The much-waited desuung judgments were deferred during the election period after giving judgment for one case, which altered the military court’s judgment. When the judgments were given, it was a complete alteration of the lower court’s judgment.
The HC ruled that adjustments which were routinely done are not embezzlement, citing section 66 of the Evidence Act of Bhutan, which states, “Evidence of the habit or routine practice of a person or a corporation is relevant to prove that the conduct of that person or corporation on a particular occassion was in confirmity with the habit or routine practice.
The High Court’s larger bench dismissed the appeal of Anti-Corruption Commission (ACC) in the desuung case claiming that it is against the Constitution since ACC is the investigating agency, not a litigant and thus do not have the right to appeal against the judgment. However, the Supreme Court issued an order to register the case, follow due processes and registered ACC’s appeal.
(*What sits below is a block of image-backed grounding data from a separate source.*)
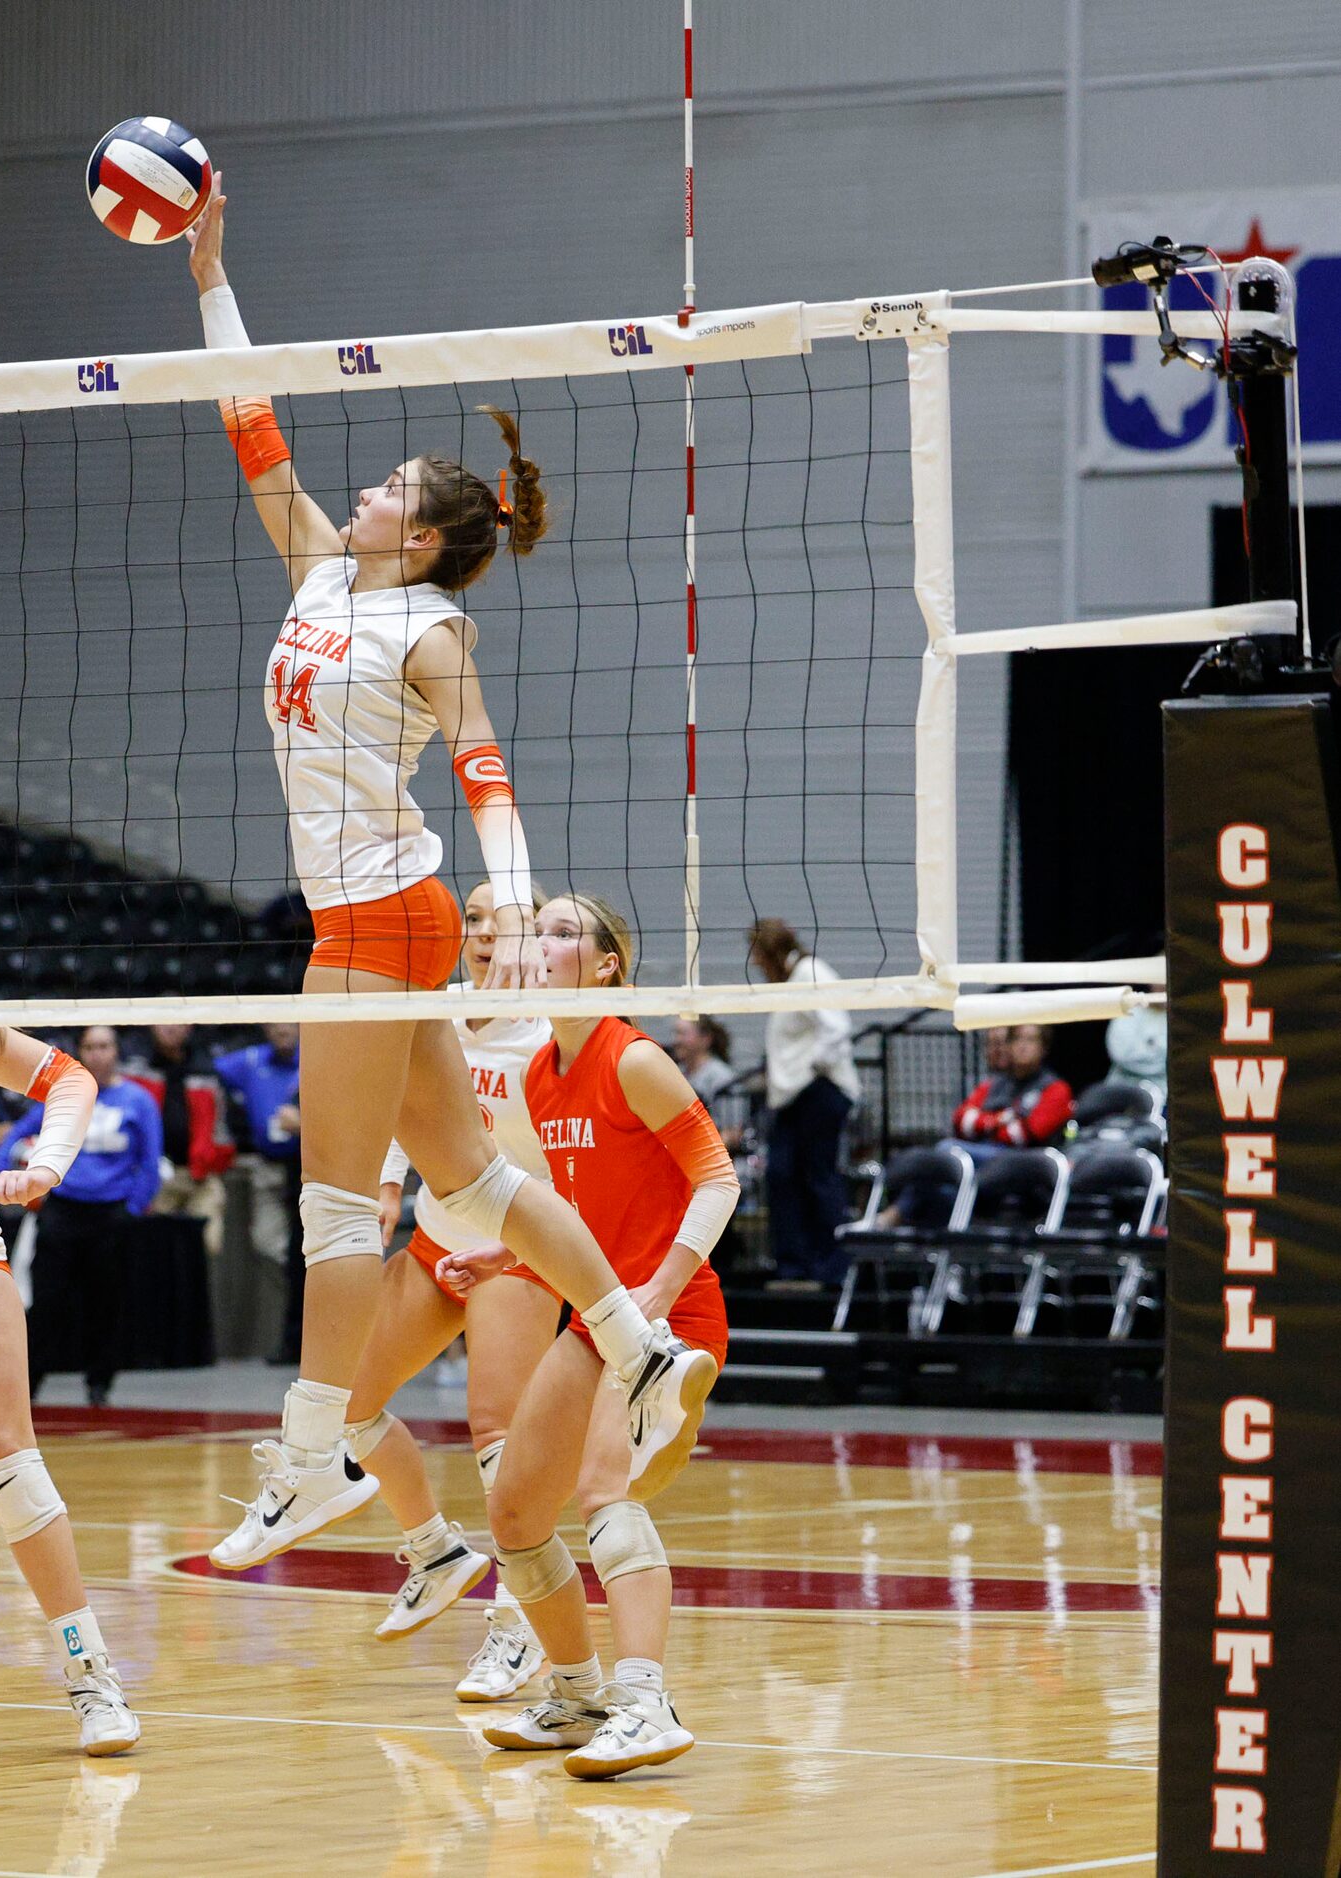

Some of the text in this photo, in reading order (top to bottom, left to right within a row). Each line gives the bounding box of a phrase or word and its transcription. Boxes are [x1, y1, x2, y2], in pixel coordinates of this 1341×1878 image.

[882, 300, 923, 313] Senoh
[696, 320, 756, 337] sports imports
[277, 616, 352, 663] CELINA
[271, 656, 318, 733] 14
[540, 1117, 595, 1151] CELINA
[1211, 822, 1286, 1852] CULWELL CENTER
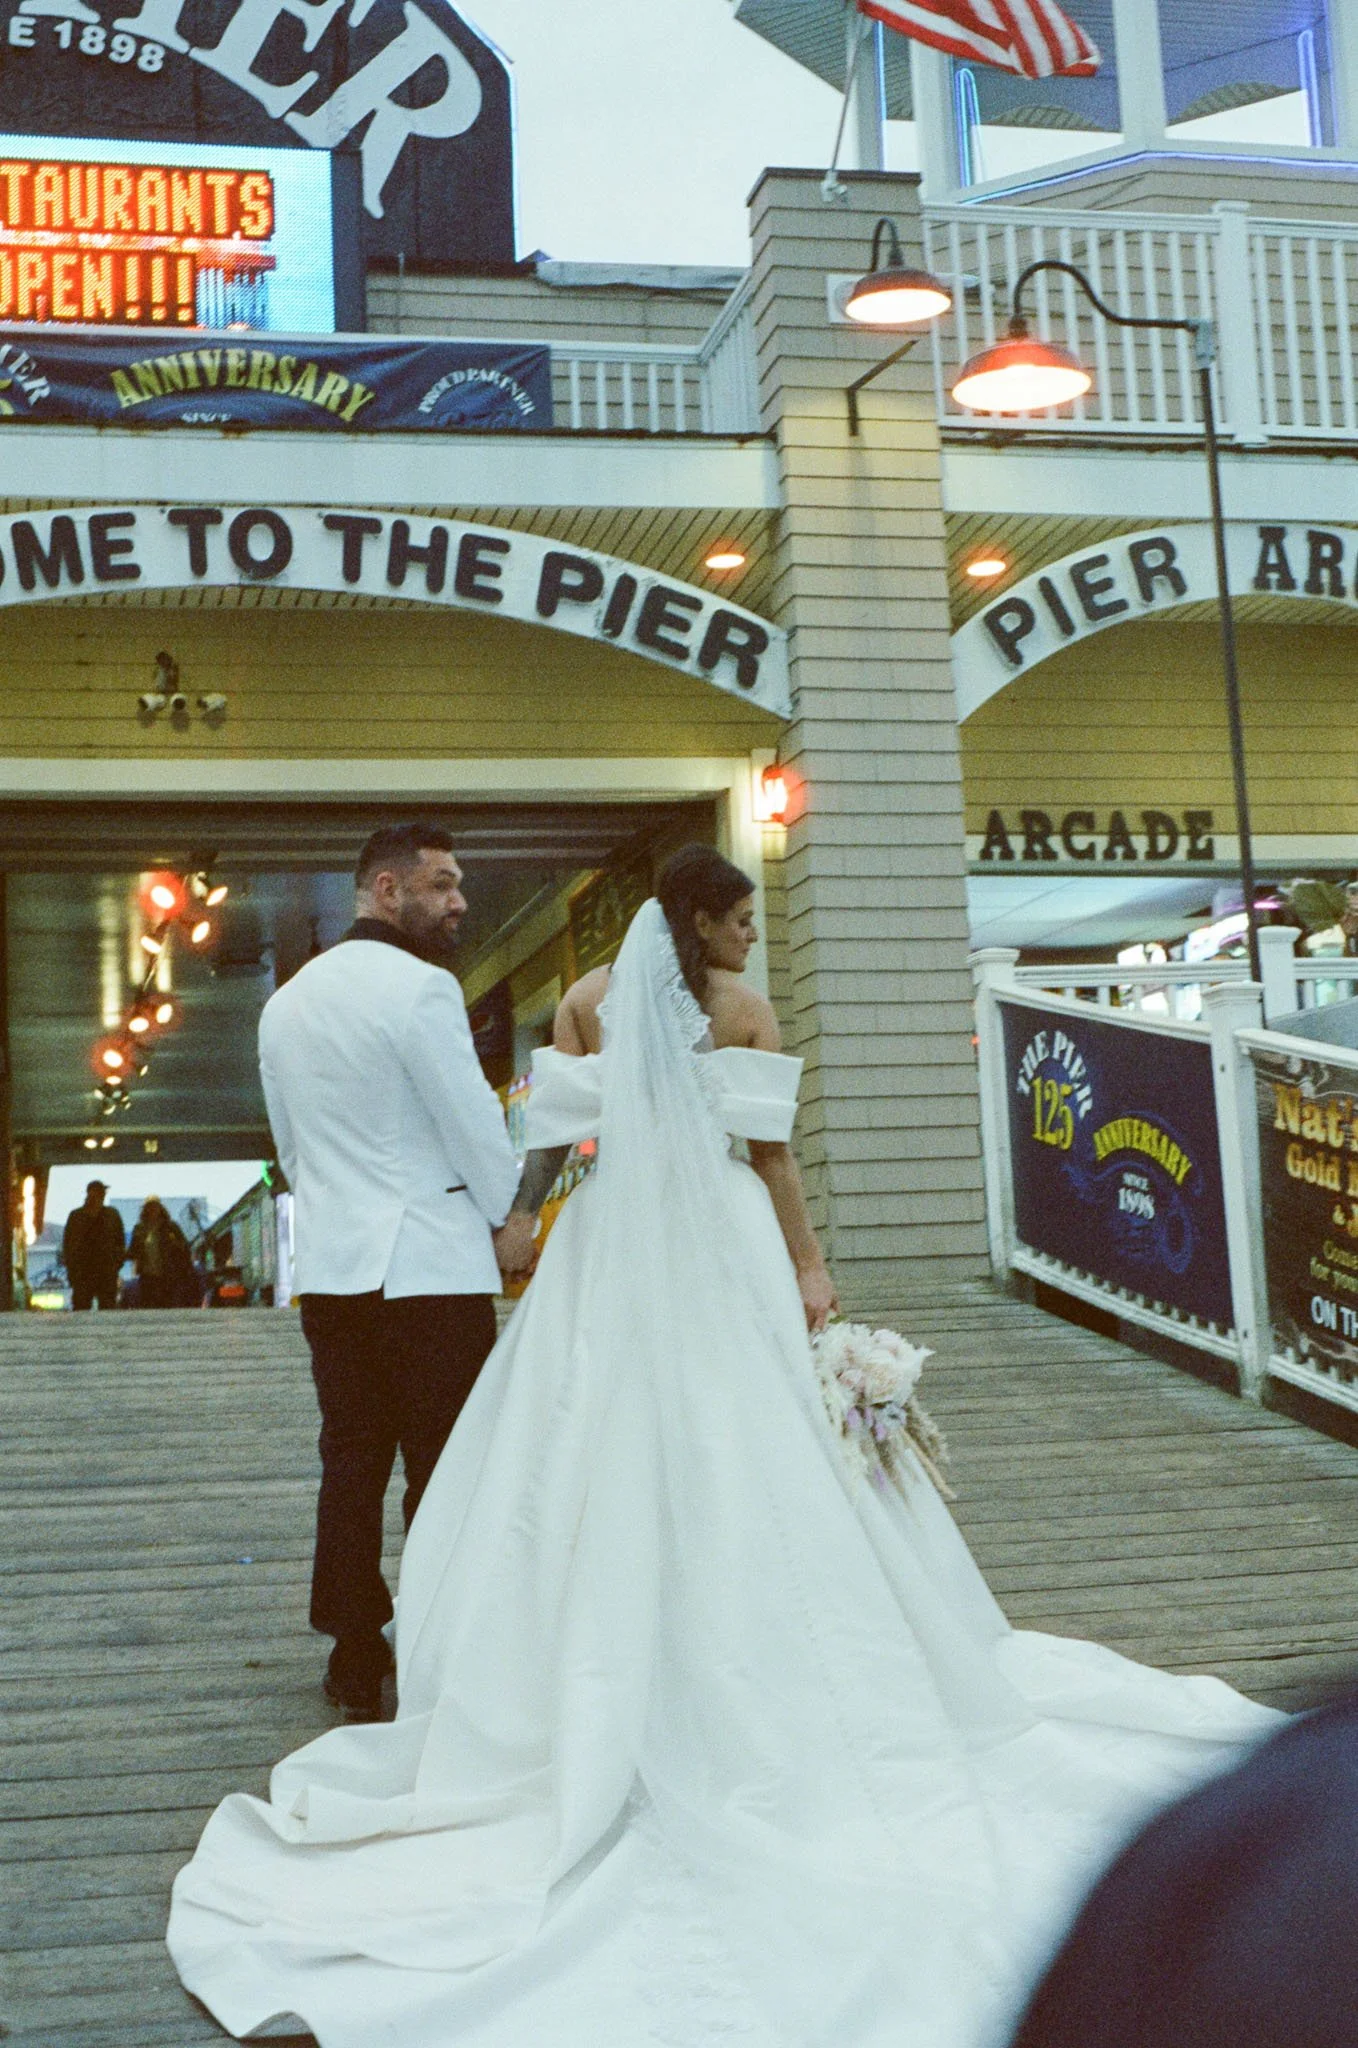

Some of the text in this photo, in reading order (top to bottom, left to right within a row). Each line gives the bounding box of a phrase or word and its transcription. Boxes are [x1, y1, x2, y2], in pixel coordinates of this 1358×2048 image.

While the Supreme Court stated that the litigants need not discuss the locus standiof ACC, given that the Court accepting the case meant it had, many were baffled with the precedence set.
It also left people questioning if there was any accountability in the judiciary and if the judges and justices could register and dismiss cases based on their whims and fancies.
The judiciary received much flak after courts, according to observers, passed lenient judgments in cases involving sexual perpetrators of minors.
Thimphu dzongkhag court’s child and family bench sentenced the vice principal of Bjimina school to 10 years in prison for child molestation.
The vice principal, Ugyen Wangchuk, 39, who taught Mathematics at the school molested nine girl students. The defendant had a criminal record and had served two years in prison and paid thrimthue for the remaining three years in 2007.
Gelephu drungkhag court gave a four and half year concurrent sentencing to a teacher of a remote school for molesting six girls, aged 12 to 17, even though he was actually sentenced to 24 years and six months.
Netizens took to social media to express concerns on the judgment. Prosecutors stated that the state seeks retributive justice on behalf of the aggrieved victims and the punishment given must satisfy not only the traumatised victims but also serve security interest of the public members.
However, the prosecutors have also dropped many child molestation cases for want of more evidences to charge the perpetrators. Officials working for women and children said OAG’s blanket evidential test does not provide any consideration for child victims and do not even accpet circumstantial evidence.
OAG officials said they cannot prosecute a case just because the victim is a child and that they require other elements as proof. Officials then said while they would want to prosecute every single case of child molestation, they couldn’t do so without evidence and that there is no way they could prosecute a case just because the evidence indicates a person might have molested a child.
Officials also explained that when the child is a victim, perpetrator or witness, by procedure the child should be treated differently but when it comes to prosecution, the standard of proof remains the same. “The standard is not lowered just because the victim is a child.”